Would a physics engine actually make it any easier to solve this inverse problem? Simulating where the ball ends up relative to the hoop after bouncing off the board is the kind of forward problem that I tend to think of physics engines as designed for, but the problem here is to (repeatedly) determine what angle of board would yield the desired post-bounce trajectory. Does something like Bullet have a flexible enough inverse kinematics solver to handle this kind of problem?
There are obvious ways that the physics engine might be able to capture more effects than a simple analytic solution of parabolic trajectories.

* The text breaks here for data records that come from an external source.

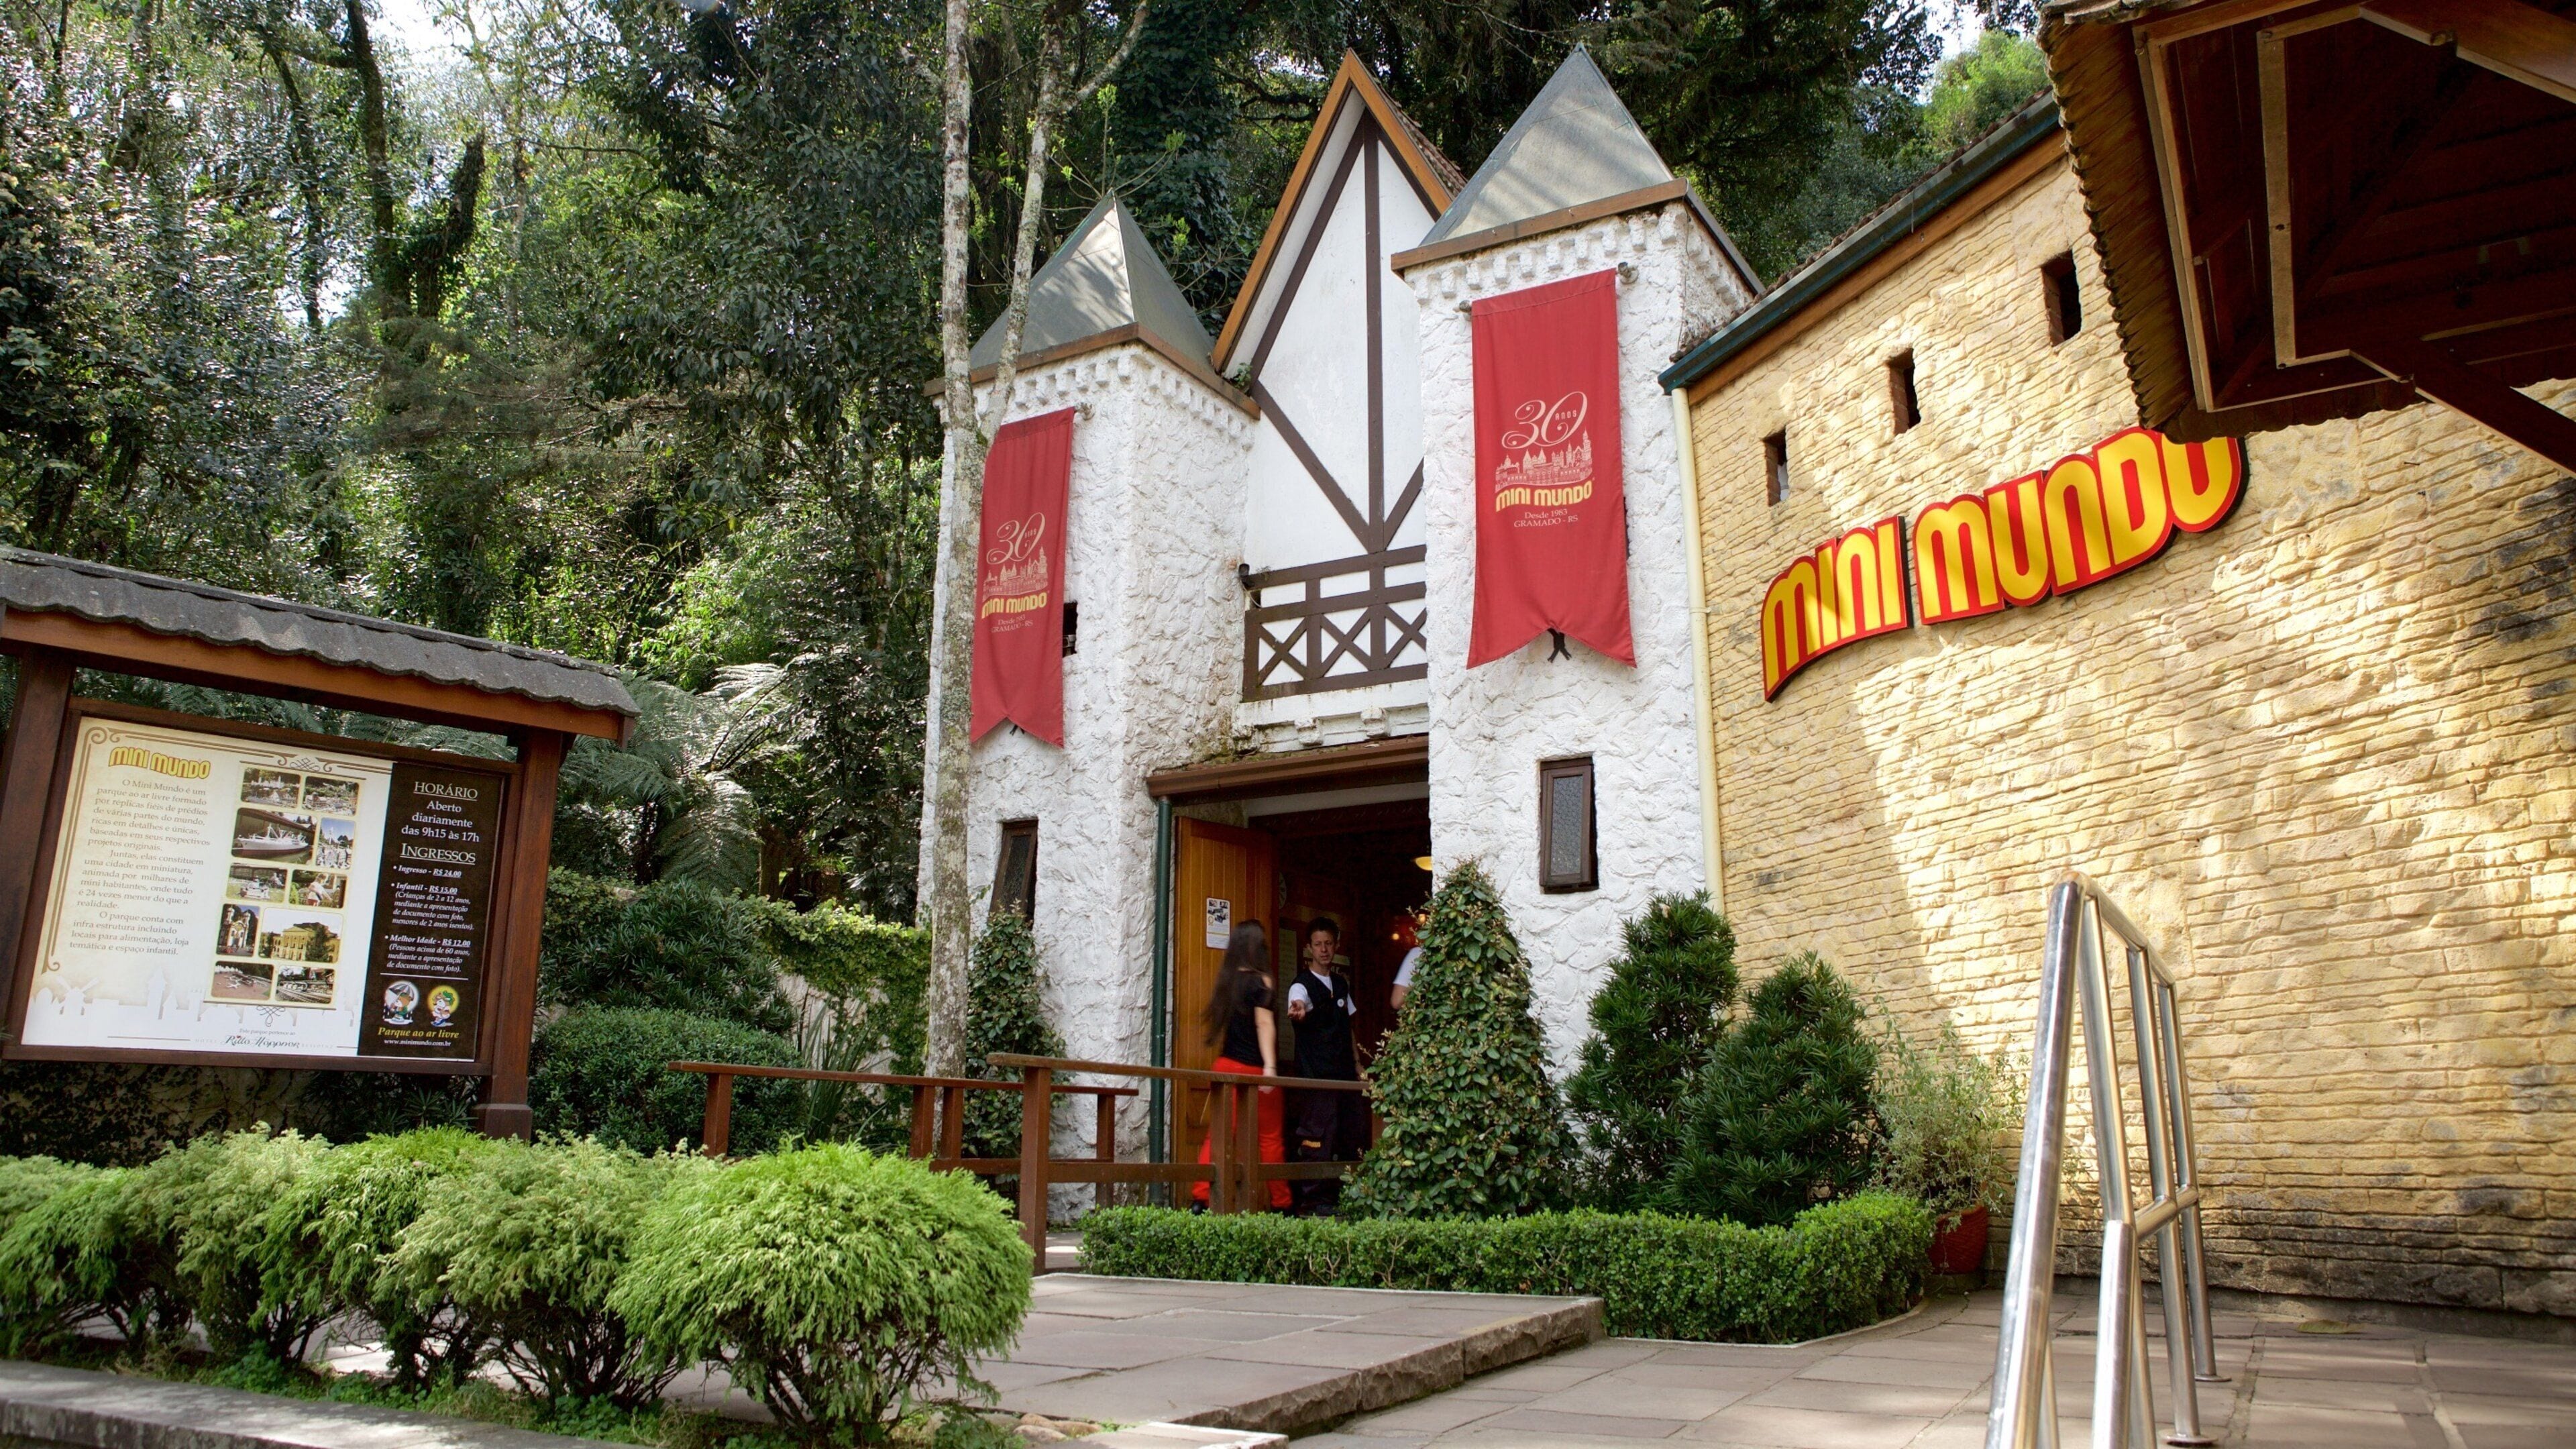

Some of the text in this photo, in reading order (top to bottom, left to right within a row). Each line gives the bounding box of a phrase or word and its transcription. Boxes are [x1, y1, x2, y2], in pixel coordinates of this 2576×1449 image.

[1501, 391, 1587, 449] 30
[1555, 410, 1576, 420] ANOS
[1496, 480, 1592, 512] MINI MUNDO
[1550, 509, 1567, 517] 1983
[1514, 518, 1560, 527] GRAMADO
[987, 513, 1045, 565] 30
[1762, 427, 2243, 701] MINI MUNDO
[982, 592, 1047, 619] MINI MUNDO
[991, 623, 1021, 633] GRAMADO
[108, 747, 211, 779] MINI MUNDO
[132, 781, 152, 789] Mini
[154, 783, 184, 793] Mundo
[414, 782, 478, 799] HORÁRIO
[97, 787, 127, 797] parque
[152, 793, 170, 801] livre
[172, 794, 207, 806] formado
[112, 798, 144, 808] réplicas
[166, 803, 175, 812] de
[178, 804, 208, 816] prédios
[427, 800, 462, 812] Aberto
[107, 807, 131, 817] várias
[134, 811, 159, 820] partes
[161, 812, 172, 821] do
[412, 812, 473, 828] diariamente
[92, 817, 111, 825] ricas
[129, 820, 163, 830] detalhes
[90, 827, 127, 837] baseadas
[165, 835, 211, 846] respectivos
[401, 825, 480, 842] das 9h15 às 17h
[88, 838, 122, 847] projetos
[110, 850, 204, 865] Juntas, elas constituem
[400, 843, 476, 863] INGRESSOS
[106, 859, 134, 869] cidade
[398, 865, 427, 874] Ingresso
[82, 869, 119, 877] animada
[142, 873, 176, 883] milhares
[150, 885, 171, 893] onde
[174, 886, 193, 894] tudo
[396, 882, 423, 891] Infantil
[124, 894, 151, 902] menor
[153, 894, 164, 902] do
[395, 892, 425, 900] (Crianças
[394, 900, 423, 908] mediante
[429, 904, 468, 912] apresentação
[109, 913, 140, 922] parque
[142, 915, 164, 923] conta
[402, 909, 436, 918] documento
[96, 922, 135, 931] estrutura
[138, 924, 177, 934] incluindo
[72, 930, 96, 938] locais
[98, 933, 117, 941] para
[174, 938, 189, 947] loja
[390, 934, 416, 943] Melhor
[70, 941, 106, 951] temática
[115, 945, 144, 954] espaço
[389, 943, 415, 952] (Pessoas
[396, 961, 430, 970] documento
[423, 956, 462, 964] apresentação
[378, 1026, 411, 1038] Parque
[438, 1030, 460, 1038] livre

But if it only lets you run the simulation forward to get a trajectory from initial conditions, then you now have a numeric optimization problem as the body of the inner loop of another optimization problem.
If the physics engine can't efficiently solve the inverse problem here, it is probably only well-suited for simulating a final solution for validation, not iterating over the rather large space of possible shot trajectories times possible backboard angles at the point of impact.

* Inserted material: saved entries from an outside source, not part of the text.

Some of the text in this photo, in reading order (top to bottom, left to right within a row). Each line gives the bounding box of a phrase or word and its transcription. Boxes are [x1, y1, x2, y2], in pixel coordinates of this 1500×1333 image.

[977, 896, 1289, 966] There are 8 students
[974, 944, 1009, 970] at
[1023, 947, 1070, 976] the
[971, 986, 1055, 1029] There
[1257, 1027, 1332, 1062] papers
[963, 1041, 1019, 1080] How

It's a straightforward integration to get from initial conditions of the ball throw and backboard angle to the post-bounce trajectory. Physics engines like Bullet will get you that solution very quickly. But determining which backboard angle puts the ball in the center of the hoop is not as straightforward if your physics engine is only designed to do numeric integration of the equations of motion to move a simulation forward in time. You have to run the simulation a few hundred times with different backboard angles to determine which setup puts the ball where you want it.
And that process needs to be done for all possible incoming ball trajectories that would hit that point of the backboard in order to figure out what backboard angle will maximize the number of shots that go in.